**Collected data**
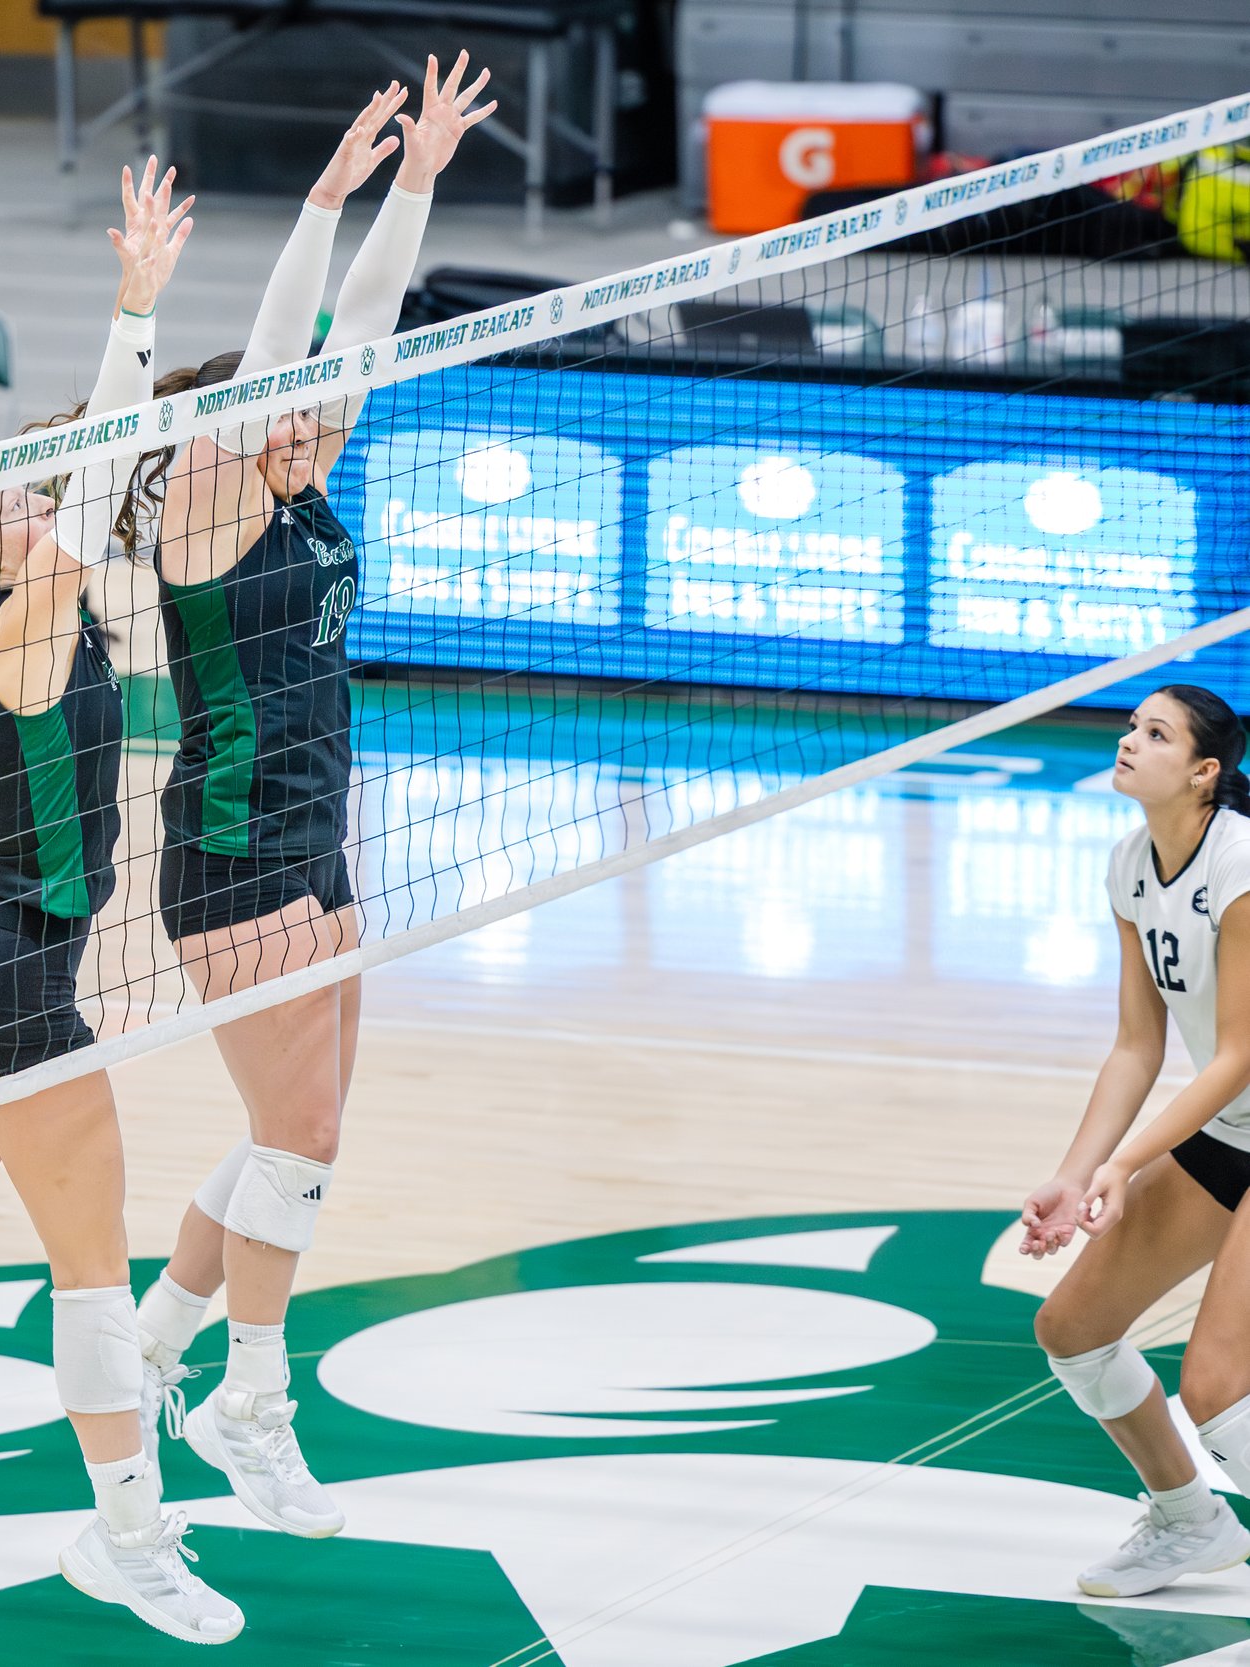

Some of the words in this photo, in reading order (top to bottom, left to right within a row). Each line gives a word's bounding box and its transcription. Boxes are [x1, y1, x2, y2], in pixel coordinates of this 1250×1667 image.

[780, 128, 837, 189] G
[756, 226, 823, 262] NORTHWEST
[826, 209, 882, 244] BEARCATS
[580, 273, 654, 312] NORTHWEST
[654, 256, 712, 291] BEARCATS
[394, 323, 469, 363] NORTHWEST
[469, 306, 535, 342] BEARCATS
[194, 375, 275, 418] NORTHWEST
[276, 357, 343, 395] BEARCATS
[65, 412, 139, 453] BEARCATS
[311, 575, 355, 647] 19
[1146, 928, 1187, 992] 12
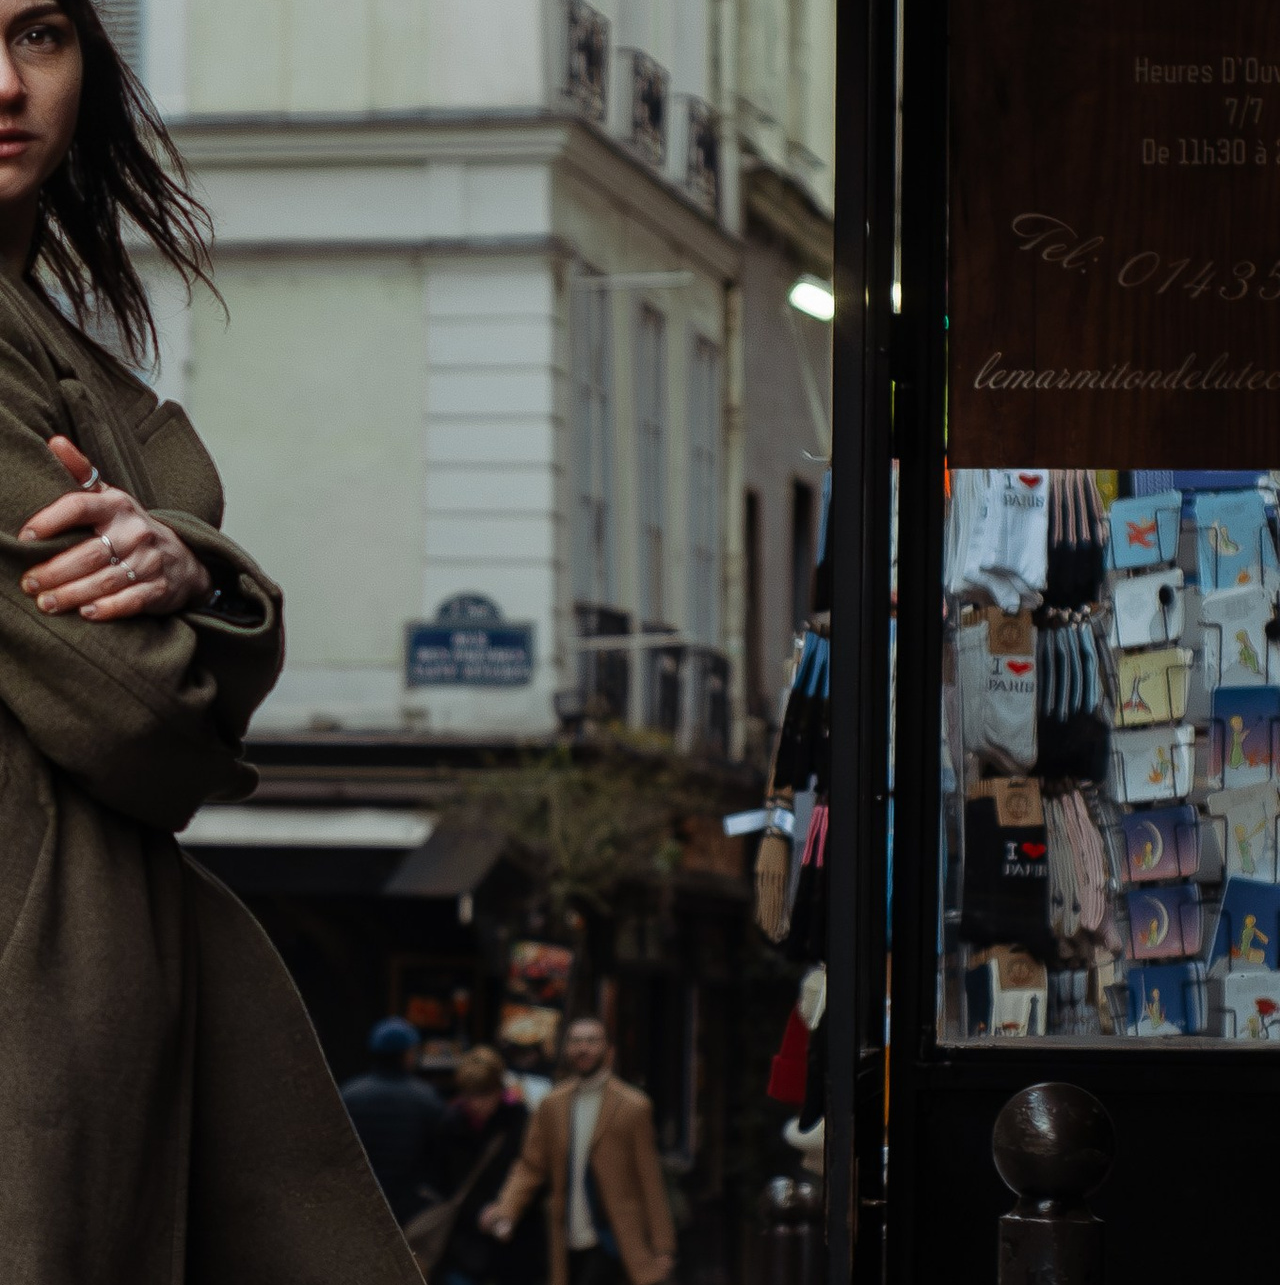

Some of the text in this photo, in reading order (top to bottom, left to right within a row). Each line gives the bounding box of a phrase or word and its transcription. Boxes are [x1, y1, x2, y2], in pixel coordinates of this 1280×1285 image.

[1134, 56, 1213, 84] Heures
[1224, 95, 1264, 130] 7/7
[1142, 137, 1170, 165] De
[1178, 137, 1246, 165] 11h30
[1255, 138, 1268, 165] à
[1005, 840, 1019, 861] I
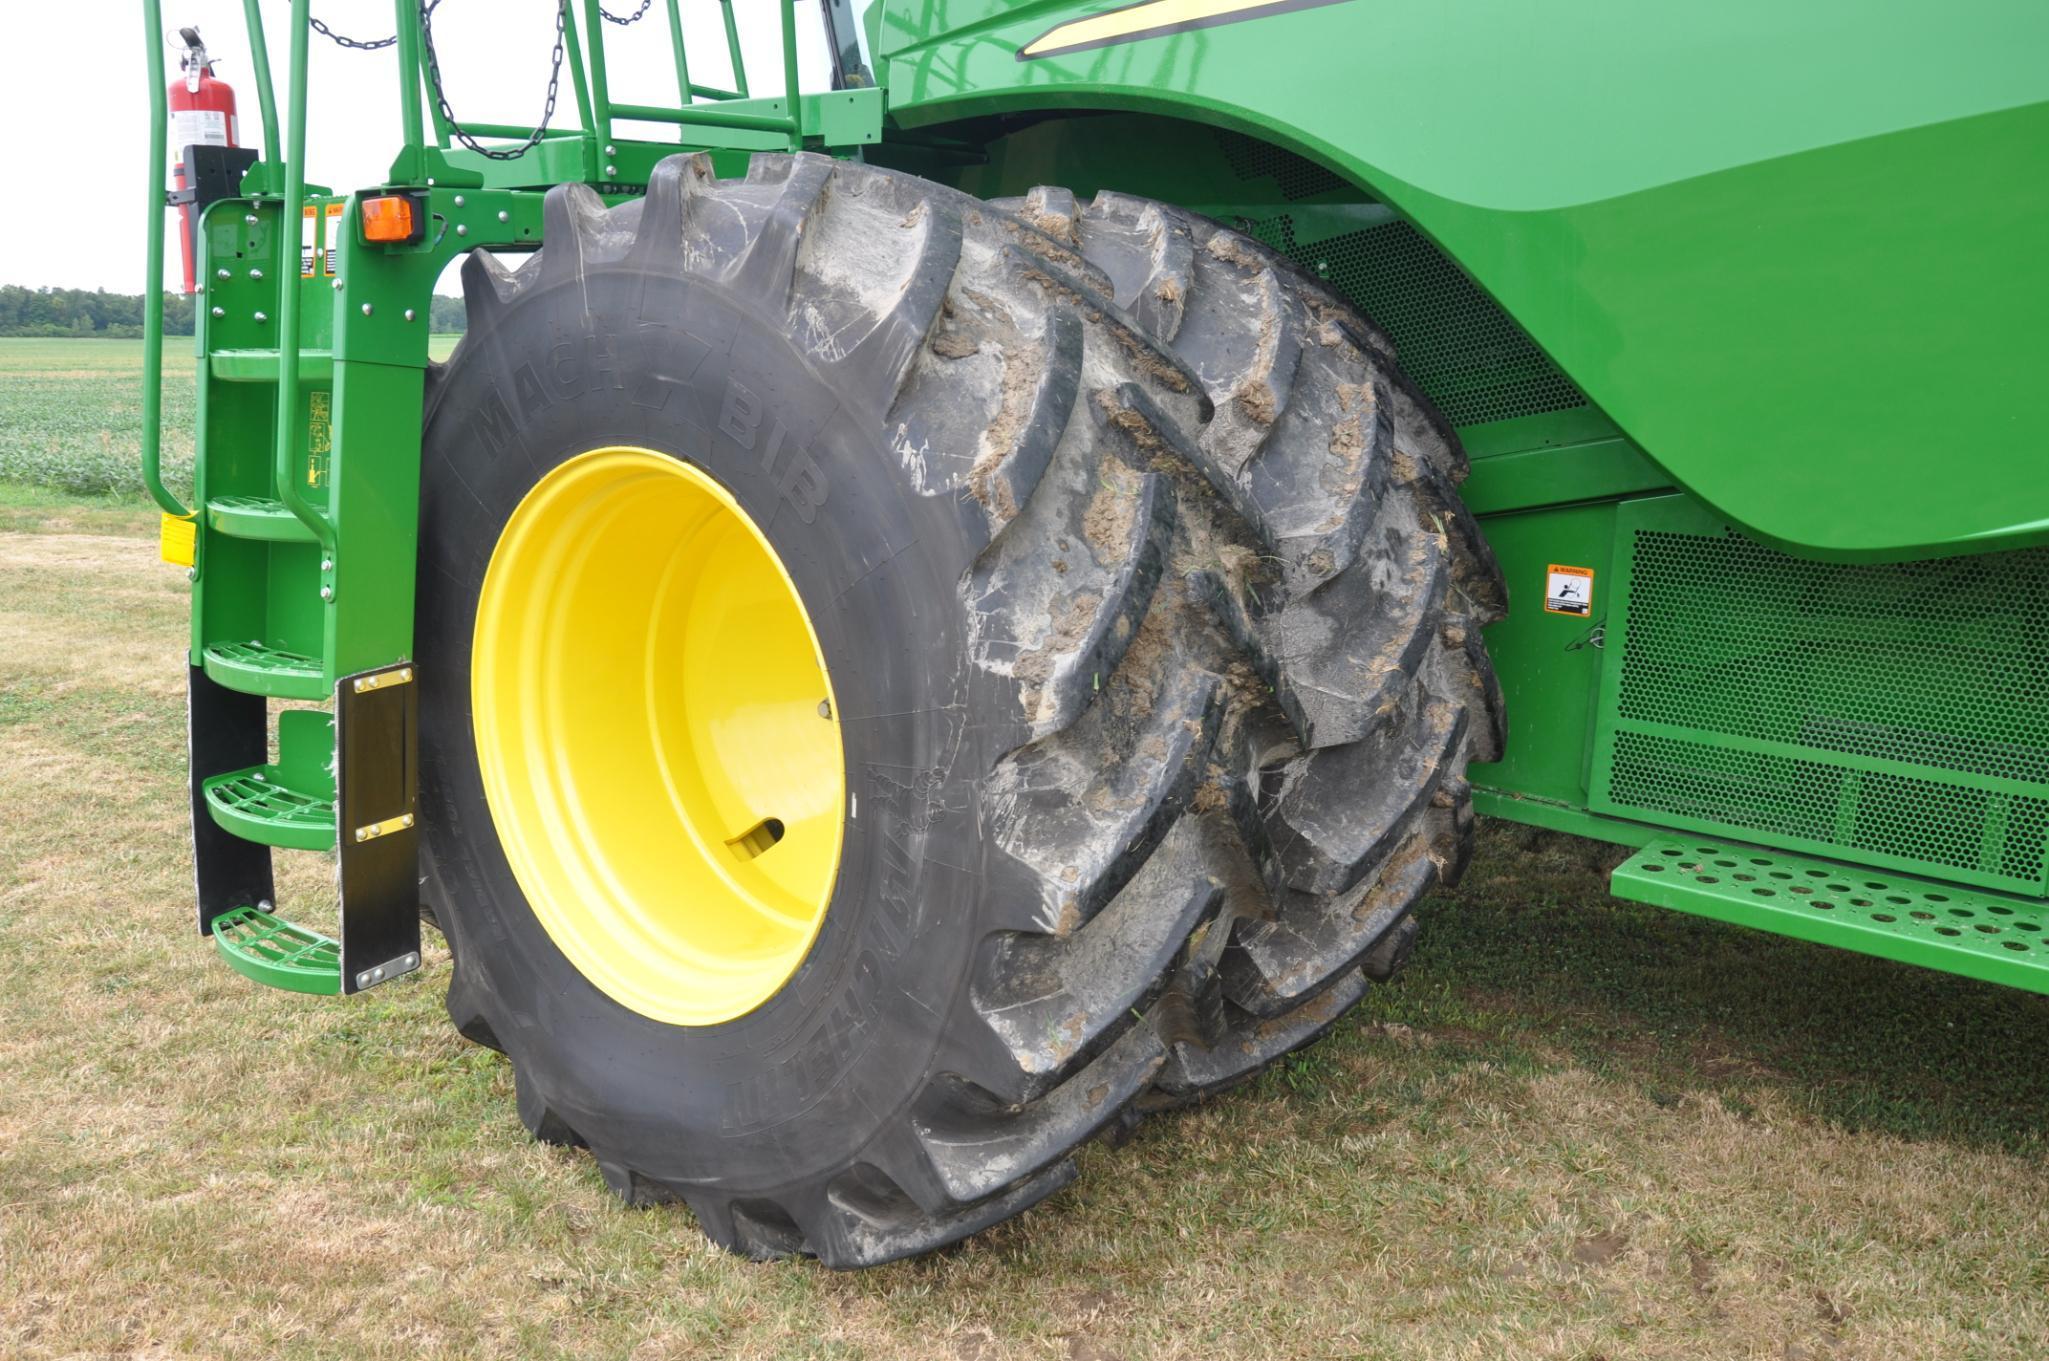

**THE PROBLEM**
The task calls for all records to be set down precisely, excluding any images.

**TASK RESULT**
Some of the words in this photo, in reading order (top to bottom, left to right within a row). Each line gives a word's bounding box and its transcription. Boxes are [x1, y1, x2, y2], in pixel coordinates of this 1250×1667 image.

[780, 128, 837, 189] G
[756, 226, 823, 262] NORTHWEST
[826, 209, 882, 244] BEARCATS
[580, 273, 654, 312] NORTHWEST
[654, 256, 712, 291] BEARCATS
[394, 323, 469, 363] NORTHWEST
[469, 306, 535, 342] BEARCATS
[194, 375, 275, 418] NORTHWEST
[276, 357, 343, 395] BEARCATS
[65, 412, 139, 453] BEARCATS
[311, 575, 355, 647] 19
[1146, 928, 1187, 992] 12

Some of the text in this photo, in reading order (top to bottom, left to right within a row). Each line gives the bounding box of a phrase or word and its transcription. Boxes are [x1, y1, x2, y2], in pixel coordinates of this 1280×1285 image.

[1134, 56, 1213, 84] Heures
[1224, 95, 1264, 130] 7/7
[1142, 137, 1170, 165] De
[1178, 137, 1246, 165] 11h30
[1255, 138, 1268, 165] à
[1005, 840, 1019, 861] I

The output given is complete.